Having taught in another country now, it occurs to me that there are some very great flaws in our thinking regarding how we teach. I have been reflecting on just how punitive our system of education is. I would like to propose the following:

1. There is a difference between a mistake and a crime. Western education does not understand this important distinction
2. Mistakes should be corrected.
3. Crimes should be punished.
4. When, as educators, we punish students for mistakes, we encourage them to commit crime.

Mistakes are important. They tell us where a student needs help and where, as teachers, we need to put more of our energy. When a student makes a mistake, we should only have them correct it. If we treat them like a criminal and punish them through a bad grade, by shame, or by any other psychological means. We will make them avoid the pain in the future, and they will simply copy or cheat to do it. Teachers tend to believe that the student will avoid being punished by working harder and doing better next time. I do not believe that is so.

When I was in college, the student paper did a very extensive study on cheating. About 65% of my fellow students self-confessed to cheating. (They are the honest ones.) I recall a certain class I was in as a freshman. It was one of those large survey classes you take where the grade is based on five major tests and only the four best tests are averaged for a final. The class was packed on the first day and dwindled down to about ten or fifteen of us. But on exam day the place would be packed. This went on for most of the semester and finally at the end, I asked someone, whom I knew had never been there and got an "A" on all the tests, how they did it. She said it was easy. "You just go down to the local copy store and ask for copies of the tests from last semester, study the answers, and take the test."

By crime, I mean the breaking of basic human ethical codes, or legal codes. Cheating, in that sense, like plagerism, is a crime, and that is not the same thing as a mistake. And yet cheating is a rampant practice among the students who are in our schools and universities. I have begun to wonder what we, as educators, are doing, because we seem to show moral disdain for such practices, and yet we perpetuate a system that rewards it, and the cleverness of students who seem to find more and more ingenuous ways to cheat.
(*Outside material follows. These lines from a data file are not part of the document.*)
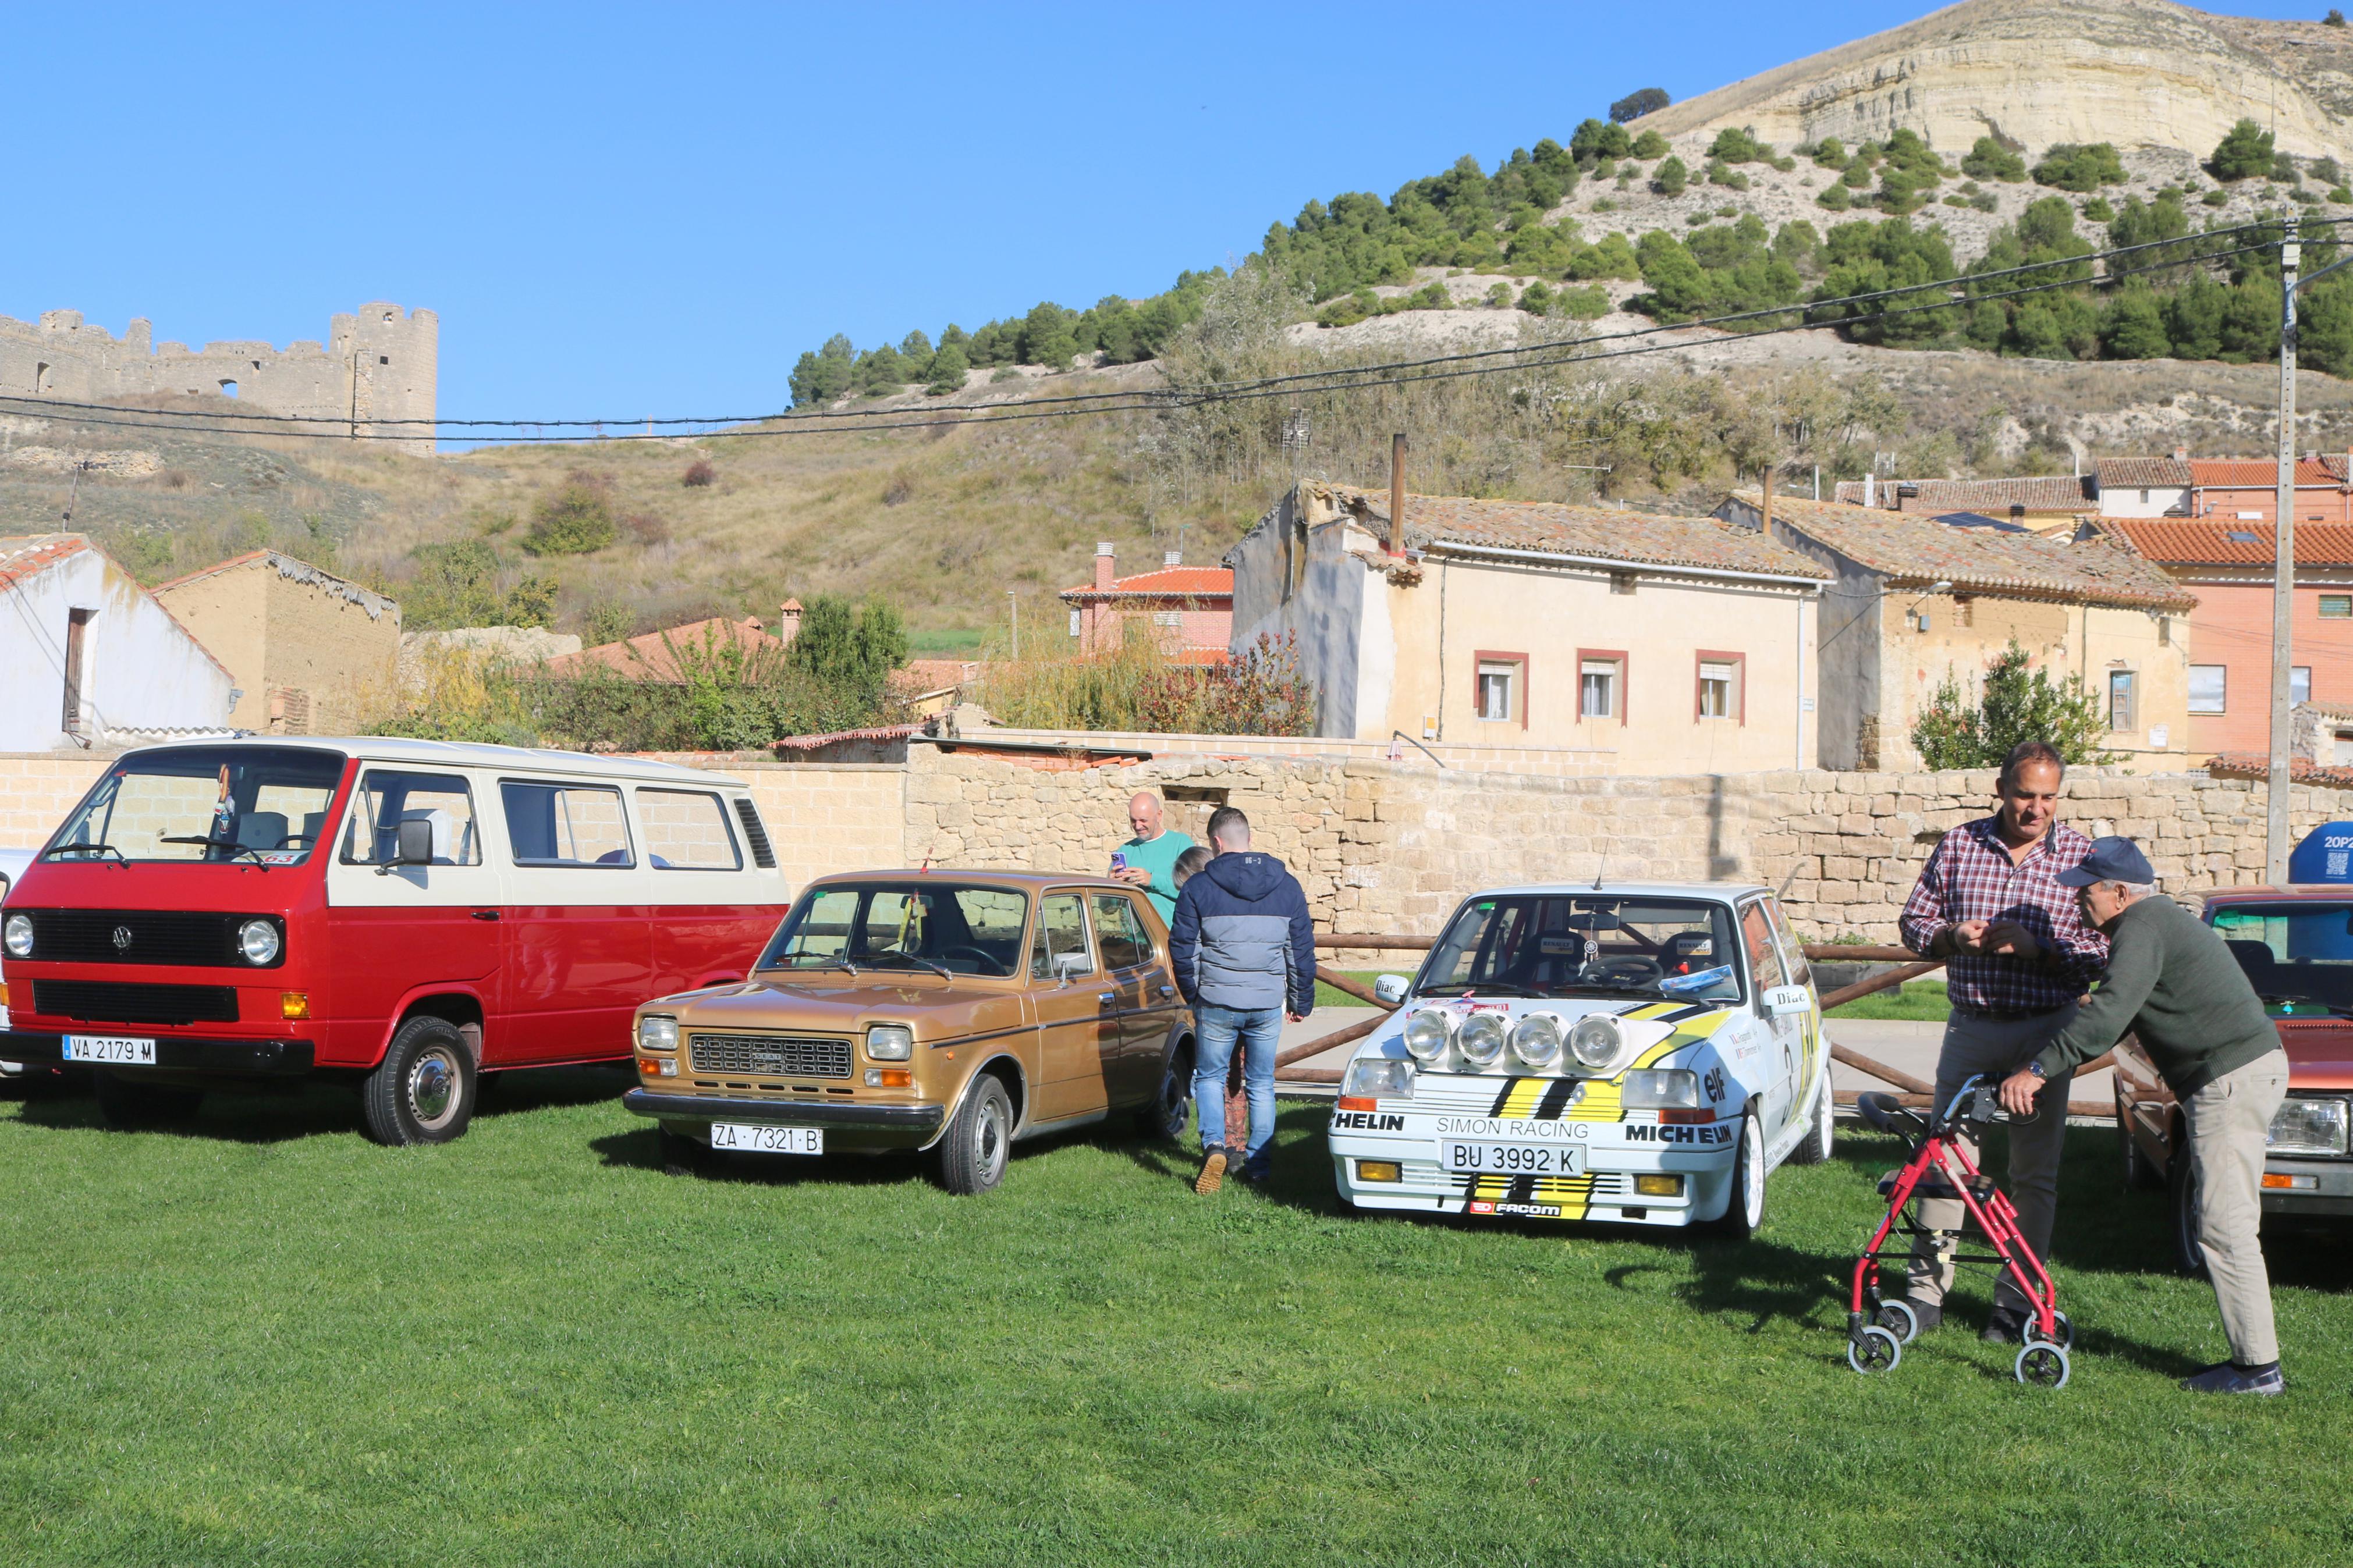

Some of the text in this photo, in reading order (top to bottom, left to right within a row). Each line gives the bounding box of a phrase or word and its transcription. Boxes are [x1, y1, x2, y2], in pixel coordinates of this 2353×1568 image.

[1376, 980, 1395, 993] Diac
[1777, 992, 1805, 1005] Diac
[73, 1039, 151, 1061] VA 2179 M
[1704, 1068, 1726, 1103] elf
[715, 1125, 817, 1151] ZA 7321 B
[1437, 1118, 1588, 1138] SIMON RACING
[1626, 1125, 1733, 1144] MICHELIN
[1454, 1145, 1574, 1172] BU 3992 K
[1496, 1203, 1560, 1216] FACOM
I have been talking mostly about tests, really. We are test crazy and yet I have completely lost my faith in tests as having any meaning at all. I no longer believe that are an effective means of evaluating anything and they certainly have no value to the student for learning much of anything. A student retains very little from cramming in the long term, and seldom really looks at the specifics of the results which might help them, but why should they? It will not change the grade that punised them for the error they made.

It might seem silly, but I propose that if a teacher is going to offer a test, he or she should grade the test, enter the results, hand the tests back, ask the students to correct the errors and pass them in , check to see that the mistakes are corrected and give full points for all corrected errors.

If that is too much work, then the teacher should give the test and have the students correct their own work when they have finished. That way the students can see what they are doing wrong, and have a chance to learn from their mistakes, and get immediate, direct feedback; while at the same time, the teacher can see where the students need more work and adjust his or her planning accordingly.

But they might all get "A's"!

What's wrong with that? Too easy for them? Do we think the quality of education will suffer? Or is there something darker going on with a statement like that? Like we expect only a few to truly succeed. Perhaps the truth is we expect education to be a cruel, sadistic, soul draining proposition where only the fittest survive.